## Entries supplied

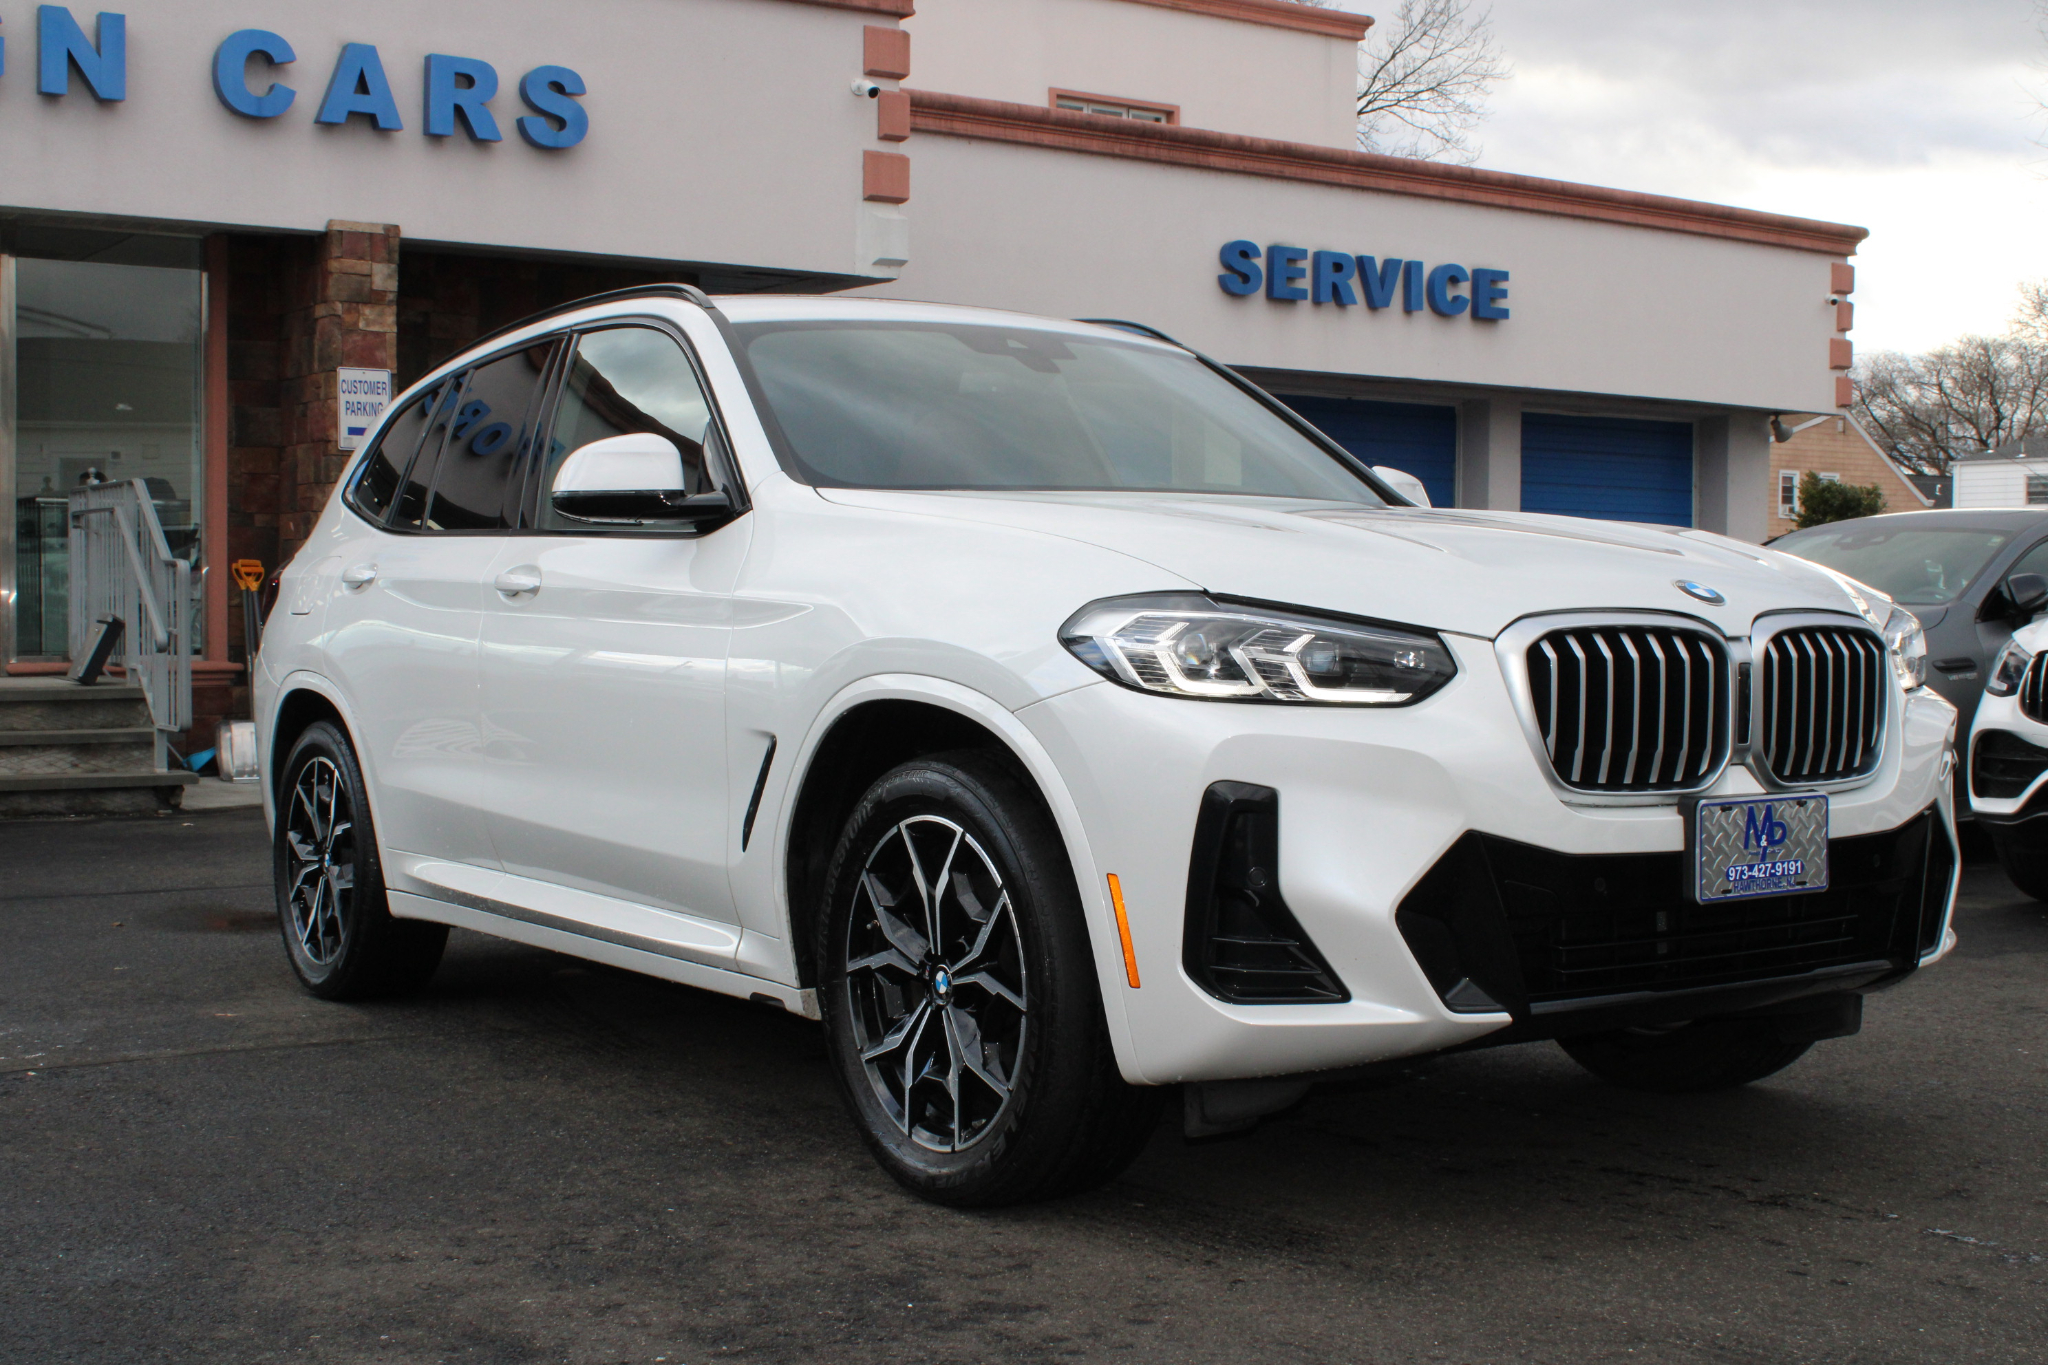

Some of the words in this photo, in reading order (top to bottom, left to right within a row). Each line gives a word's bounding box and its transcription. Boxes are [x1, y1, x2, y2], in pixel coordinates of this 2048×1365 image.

[0, 5, 126, 102] N
[212, 29, 589, 149] CARS
[1218, 239, 1510, 320] SERVICE
[340, 379, 388, 396] CUSTOMER
[345, 401, 384, 417] PARKING
[1728, 860, 1802, 881] 973-427-9191

## Prompt
Return the material as it stands. Leave out the pictures.

## Response area
Some of the words in this photo, in reading order (top to bottom, left to right within a row). Each line gives a word's bounding box and its transcription. Boxes are [x1, y1, x2, y2], in pixel coordinates of this 2048×1365 image.

[0, 5, 126, 102] N
[212, 29, 589, 149] CARS
[1218, 239, 1510, 320] SERVICE
[340, 379, 388, 396] CUSTOMER
[345, 401, 384, 417] PARKING
[1728, 860, 1802, 881] 973-427-9191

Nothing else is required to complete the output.